Scientific Reports (Mar 2023)
Weakly supervised label propagation algorithm classifies lung cancer imaging subtypes
Abstract
Abstract Aiming at the problems of long time, high cost, invasive sampling damage, and easy emergence of drug resistance in lung cancer gene detection, a reliable and non-invasive prognostic method is proposed. Under the guidance of weakly supervised learning, deep metric learning and graph clustering methods are used to learn higher-level abstract features in CT imaging features. The unlabeled data is dynamically updated through the k-nearest label update strategy, and the unlabeled data is transformed into weak label data and continue to update the process of strong label data to optimize the clustering results and establish a classification model for predicting new subtypes of lung cancer imaging. Five imaging subtypes are confirmed on the lung cancer dataset containing CT, clinical and genetic information downloaded from the TCIA lung cancer database.

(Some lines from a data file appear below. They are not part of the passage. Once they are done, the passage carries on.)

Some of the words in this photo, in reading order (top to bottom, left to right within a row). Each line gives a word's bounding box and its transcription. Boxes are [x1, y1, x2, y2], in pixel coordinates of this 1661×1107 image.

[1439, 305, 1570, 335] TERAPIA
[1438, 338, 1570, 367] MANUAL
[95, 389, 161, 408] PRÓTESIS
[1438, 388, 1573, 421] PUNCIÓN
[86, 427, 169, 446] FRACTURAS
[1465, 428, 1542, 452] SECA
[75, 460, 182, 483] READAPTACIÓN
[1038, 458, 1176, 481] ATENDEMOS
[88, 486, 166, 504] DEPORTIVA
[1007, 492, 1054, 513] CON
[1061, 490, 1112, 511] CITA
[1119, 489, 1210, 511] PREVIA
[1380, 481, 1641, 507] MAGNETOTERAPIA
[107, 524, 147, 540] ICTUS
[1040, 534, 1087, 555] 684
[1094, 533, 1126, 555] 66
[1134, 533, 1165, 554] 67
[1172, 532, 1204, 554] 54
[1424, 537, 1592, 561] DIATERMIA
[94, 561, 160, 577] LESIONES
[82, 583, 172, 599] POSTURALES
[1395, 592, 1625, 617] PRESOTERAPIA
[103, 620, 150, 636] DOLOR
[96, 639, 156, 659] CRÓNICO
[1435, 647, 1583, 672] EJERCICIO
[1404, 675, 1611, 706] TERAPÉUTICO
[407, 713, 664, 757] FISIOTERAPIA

The successful establishment of the new model has a significant accuracy rate for subtype classification (ACC = 0.9793), and the use of CT sequence images, gene expression, DNA methylation and gene mutation data from the cooperative hospital in Shanxi Province proves the biomedical value of this method. The proposed method also can comprehensively evaluate intratumoral heterogeneity based on the correlation between the final lung CT imaging features and specific molecular subtypes.